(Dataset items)
*** Begin section ***

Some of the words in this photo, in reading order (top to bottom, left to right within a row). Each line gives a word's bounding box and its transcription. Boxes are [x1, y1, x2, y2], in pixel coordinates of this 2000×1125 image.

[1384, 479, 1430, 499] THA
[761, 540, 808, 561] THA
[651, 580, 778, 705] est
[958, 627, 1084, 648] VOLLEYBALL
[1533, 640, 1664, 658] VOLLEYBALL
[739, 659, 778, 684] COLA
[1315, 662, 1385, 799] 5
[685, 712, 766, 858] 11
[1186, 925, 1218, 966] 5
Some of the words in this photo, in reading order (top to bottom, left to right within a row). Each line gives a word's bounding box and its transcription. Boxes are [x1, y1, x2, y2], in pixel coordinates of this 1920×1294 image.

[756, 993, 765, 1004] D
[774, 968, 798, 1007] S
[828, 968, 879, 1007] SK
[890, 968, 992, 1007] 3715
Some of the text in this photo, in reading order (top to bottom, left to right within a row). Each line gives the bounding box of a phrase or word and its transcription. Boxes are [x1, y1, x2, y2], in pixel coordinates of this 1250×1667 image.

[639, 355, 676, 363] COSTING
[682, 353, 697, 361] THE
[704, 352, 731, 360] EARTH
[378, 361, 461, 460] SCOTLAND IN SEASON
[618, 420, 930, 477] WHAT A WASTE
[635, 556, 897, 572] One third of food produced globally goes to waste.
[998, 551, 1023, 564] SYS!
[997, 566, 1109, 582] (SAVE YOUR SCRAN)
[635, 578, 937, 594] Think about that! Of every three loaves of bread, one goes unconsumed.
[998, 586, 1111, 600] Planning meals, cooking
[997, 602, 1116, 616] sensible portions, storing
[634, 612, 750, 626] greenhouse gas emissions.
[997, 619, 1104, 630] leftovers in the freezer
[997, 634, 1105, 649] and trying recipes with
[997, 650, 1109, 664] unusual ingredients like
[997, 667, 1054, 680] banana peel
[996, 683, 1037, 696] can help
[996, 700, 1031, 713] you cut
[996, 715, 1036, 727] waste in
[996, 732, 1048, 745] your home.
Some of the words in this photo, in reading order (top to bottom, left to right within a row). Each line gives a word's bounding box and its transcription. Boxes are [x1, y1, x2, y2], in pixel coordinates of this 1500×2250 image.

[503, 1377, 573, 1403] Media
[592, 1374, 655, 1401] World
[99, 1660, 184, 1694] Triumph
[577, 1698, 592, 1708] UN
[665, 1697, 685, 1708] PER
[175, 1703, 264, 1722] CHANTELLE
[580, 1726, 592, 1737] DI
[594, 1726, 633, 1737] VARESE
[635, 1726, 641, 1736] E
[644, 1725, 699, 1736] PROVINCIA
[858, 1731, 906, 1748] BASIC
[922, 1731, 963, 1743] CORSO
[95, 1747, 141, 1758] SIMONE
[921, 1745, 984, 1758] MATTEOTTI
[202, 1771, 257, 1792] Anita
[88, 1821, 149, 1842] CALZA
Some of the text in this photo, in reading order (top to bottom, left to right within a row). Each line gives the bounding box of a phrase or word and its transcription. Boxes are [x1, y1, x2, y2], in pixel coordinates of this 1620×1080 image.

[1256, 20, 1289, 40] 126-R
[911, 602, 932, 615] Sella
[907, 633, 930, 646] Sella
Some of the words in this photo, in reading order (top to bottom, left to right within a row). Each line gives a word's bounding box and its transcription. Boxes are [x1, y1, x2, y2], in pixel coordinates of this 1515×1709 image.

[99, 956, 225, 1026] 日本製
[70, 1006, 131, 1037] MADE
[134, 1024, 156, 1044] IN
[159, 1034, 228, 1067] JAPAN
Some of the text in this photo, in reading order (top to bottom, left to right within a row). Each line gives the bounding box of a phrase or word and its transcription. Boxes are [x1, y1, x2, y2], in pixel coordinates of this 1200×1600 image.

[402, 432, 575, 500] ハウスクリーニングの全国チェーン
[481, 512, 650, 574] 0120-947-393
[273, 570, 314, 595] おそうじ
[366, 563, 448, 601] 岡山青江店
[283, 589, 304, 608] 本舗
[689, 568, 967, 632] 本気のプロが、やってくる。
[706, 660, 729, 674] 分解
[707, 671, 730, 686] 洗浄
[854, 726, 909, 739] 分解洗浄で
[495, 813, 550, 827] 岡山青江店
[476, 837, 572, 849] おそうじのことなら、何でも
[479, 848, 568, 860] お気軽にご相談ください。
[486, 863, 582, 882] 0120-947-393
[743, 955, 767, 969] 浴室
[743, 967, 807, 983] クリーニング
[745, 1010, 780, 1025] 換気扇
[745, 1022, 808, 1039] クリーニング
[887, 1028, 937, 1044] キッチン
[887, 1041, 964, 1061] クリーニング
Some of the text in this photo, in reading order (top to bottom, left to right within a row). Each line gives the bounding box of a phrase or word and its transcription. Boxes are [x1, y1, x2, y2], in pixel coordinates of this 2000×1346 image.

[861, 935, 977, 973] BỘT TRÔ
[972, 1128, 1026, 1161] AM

*** End section ***

Print the line containing "this 1200×1600 image." and every line after it to the end of the records above, exactly as written, and nothing else.

Some of the text in this photo, in reading order (top to bottom, left to right within a row). Each line gives the bounding box of a phrase or word and its transcription. Boxes are [x1, y1, x2, y2], in pixel coordinates of this 1200×1600 image.

[402, 432, 575, 500] ハウスクリーニングの全国チェーン
[481, 512, 650, 574] 0120-947-393
[273, 570, 314, 595] おそうじ
[366, 563, 448, 601] 岡山青江店
[283, 589, 304, 608] 本舗
[689, 568, 967, 632] 本気のプロが、やってくる。
[706, 660, 729, 674] 分解
[707, 671, 730, 686] 洗浄
[854, 726, 909, 739] 分解洗浄で
[495, 813, 550, 827] 岡山青江店
[476, 837, 572, 849] おそうじのことなら、何でも
[479, 848, 568, 860] お気軽にご相談ください。
[486, 863, 582, 882] 0120-947-393
[743, 955, 767, 969] 浴室
[743, 967, 807, 983] クリーニング
[745, 1010, 780, 1025] 換気扇
[745, 1022, 808, 1039] クリーニング
[887, 1028, 937, 1044] キッチン
[887, 1041, 964, 1061] クリーニング
Some of the text in this photo, in reading order (top to bottom, left to right within a row). Each line gives the bounding box of a phrase or word and its transcription. Boxes are [x1, y1, x2, y2], in pixel coordinates of this 2000×1346 image.

[861, 935, 977, 973] BỘT TRÔ
[972, 1128, 1026, 1161] AM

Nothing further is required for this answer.